Режиссер Питер Гринуэй давно считает, что кинематограф умер, всякий раз доказывая это своими фильмами. То, чем занимается Гринуэй, уже давно не кино: в лучшем случае он использует кинематографические приемы как одну из красок в своей палитре. И вот уже в третий раз перерисовывает «Ночной дозор» Рембрандта, объясняя, почему, на его взгляд, в этом полотне был зашифрован обвинительный приговор убийцам.
Гринуэй дважды рассказывал эту историю: один раз как байопик в «Тайнах «Ночного дозора», второй раз в видеоинсталляции, где при помощи несложных компьютерных манипуляций разными способами подсвечивал эту и еще несколько картин, утверждая, что так видны бездны новых смыслов.
Эпизоды из тех двух постановок вошли и в документальное эссе «Рембрандт: я обвиняю».
Ну ладно, не совсем документальное. Это своеобразный научпоп, которому очень идет любовь Гринуэя к сочетанию разных жанров. Режиссер вклеивает в назидательный рассказ о живописном полотне все, что попадется под руку: от постановочных допросов свидетелей до истории образа карликов в живописи определенного периода (Каких карликов? Зачем карликов?). Картина Рембрандта, таким образом, превращается в мультимедийный проект, и говорящая голова Гринуэя маячит на экране в том же месте, где возникали нарраторы в его «Чемоданах Тульса Люпера». Истории, всегда утверждал Гринуэй, не существует, и все сущее в мире может поместиться в книгу, в тюрьму, в чемодан.
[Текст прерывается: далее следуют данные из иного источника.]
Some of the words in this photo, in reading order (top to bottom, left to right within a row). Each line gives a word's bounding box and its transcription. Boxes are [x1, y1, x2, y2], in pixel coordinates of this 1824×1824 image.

И в картину, без сомнения.
Неизвестно, верит ли сам автор в то, что говорит. Рембрандт запечатлел убийц, и, если всмотреться в указующий жест, станет понятно, кто сделал выстрел.
В руках у одного из персонажей чужая перчатка? Тень от руки капитана Франса Баннинга Кока не зря падает на гениталии его соратника? Развратники развратничали-развратничали и доразвратничались? Возможно, так все и было. Что здесь интересует Гринуэя?
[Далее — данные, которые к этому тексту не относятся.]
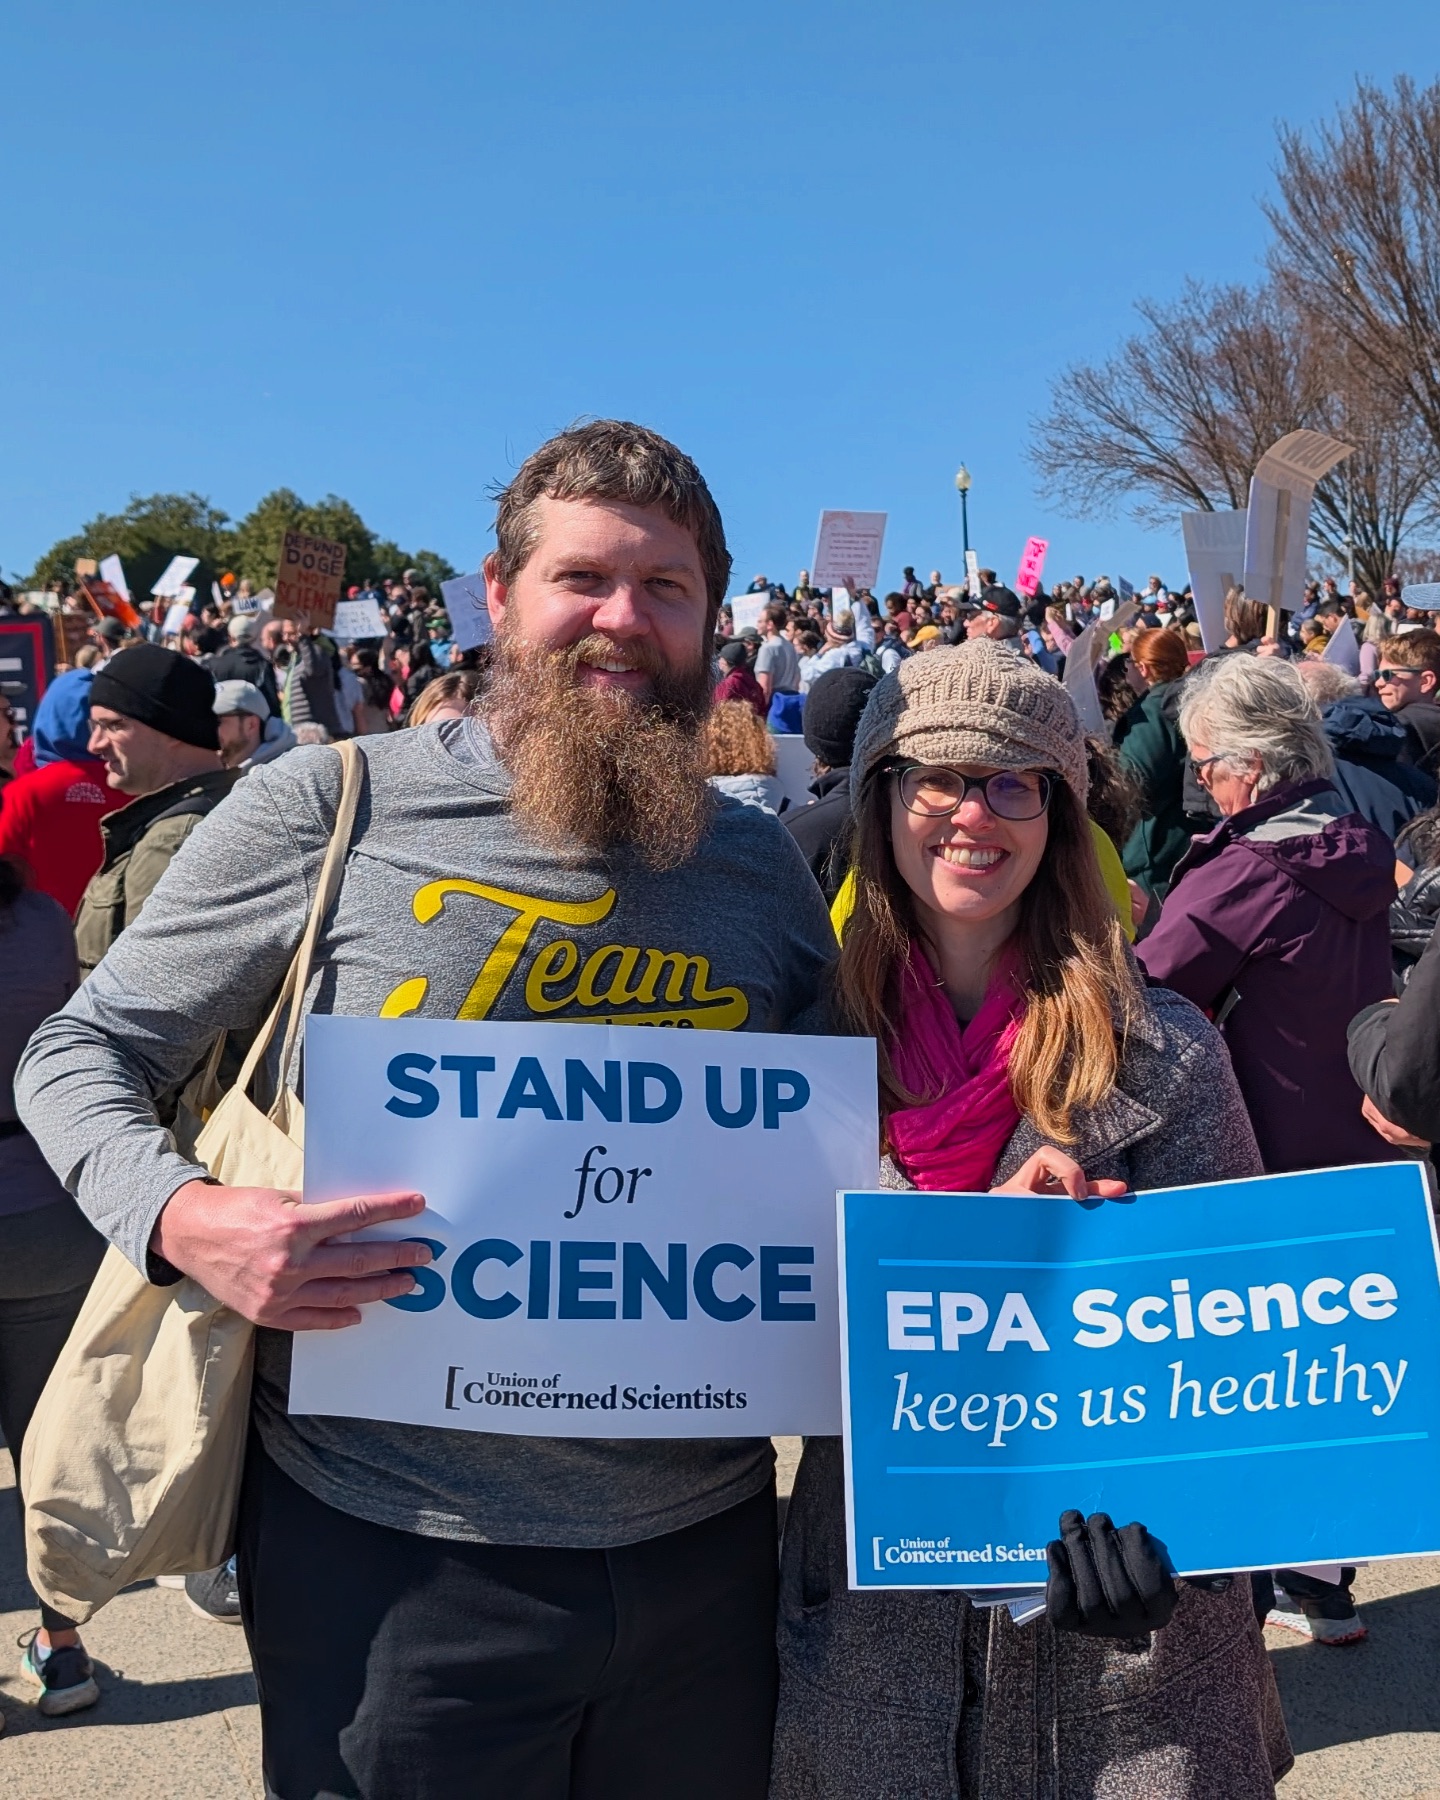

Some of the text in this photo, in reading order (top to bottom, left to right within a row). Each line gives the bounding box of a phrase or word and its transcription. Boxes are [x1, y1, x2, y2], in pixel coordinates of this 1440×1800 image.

[285, 533, 343, 558] DEFUND
[287, 549, 341, 576] DOGE
[298, 569, 328, 591] NOT
[379, 878, 748, 1021] Team
[384, 1053, 810, 1130] STAND UP
[563, 1145, 652, 1219] for
[381, 1237, 816, 1322] SCIENCE
[886, 1272, 1398, 1352] EPA Science
[487, 1372, 562, 1388] Union of
[463, 1382, 748, 1410] Concerned Scientists
[892, 1343, 1409, 1448] keeps us healthy
[885, 1542, 1047, 1564] Concerned Scien
[899, 1537, 951, 1550] Union of
Гринуэй учился живописи, знает историю искусств. Непохоже, что он переставляет фигурки «Ночного дозора» просто из любви к шарадам. Нет ощущения, что нынешнее его препарирование живописи основано на тех же приемах, что и давний фильм «Контракт рисовальщика». Он не играет в Годара, который делал в «Страсти» живую картину из того же «Ночного дозора». Он не играет и в Дэна Брауна, разглядывая классику в поисках сногсшибательного открытия.
Нет, Гринуэй с холодным любопытством смотрит не на картину, а на зрителя.
Фильм начинается с того, что Гринуэй обвиняет общество в визуальной неграмотности. «Да и почему должно быть иначе? Наша культура основана на тексте», — сухо замечает режиссер. И дальше с легкостью доказывает, что зритель действительно не умеет «читать» живопись, поэтому предложить можно любое прочтение — неграмотный зритель поверит чему угодно. Тем более такой чудесной версии, в которой есть все модные сегодняшние темы, от убийства до разврата. «Если у вас есть глаза, это еще не значит, что вы умеете видеть. Видим ли мы то, что видим, или то, что мы хотим видеть?»
Картина «Ночной дозор» у Гринуэя превращается то в эпизод из телепрограммы «Криминальная хроника», то в иллюстрацию к истории искусств, то в театральную постановку. Он как будто постоянно переключает источник света, не только в буквальном смысле. И если в начале фильма зритель еще помнил, что «Ночной дозор» был написан Рембрандтом ван Рейном, то к концу «Я обвиняю» происходит магическое перераспределение авторства. Гринуэй полностью присваивает эту картину себе. Питер Гринуэй, автор «Ночного дозора».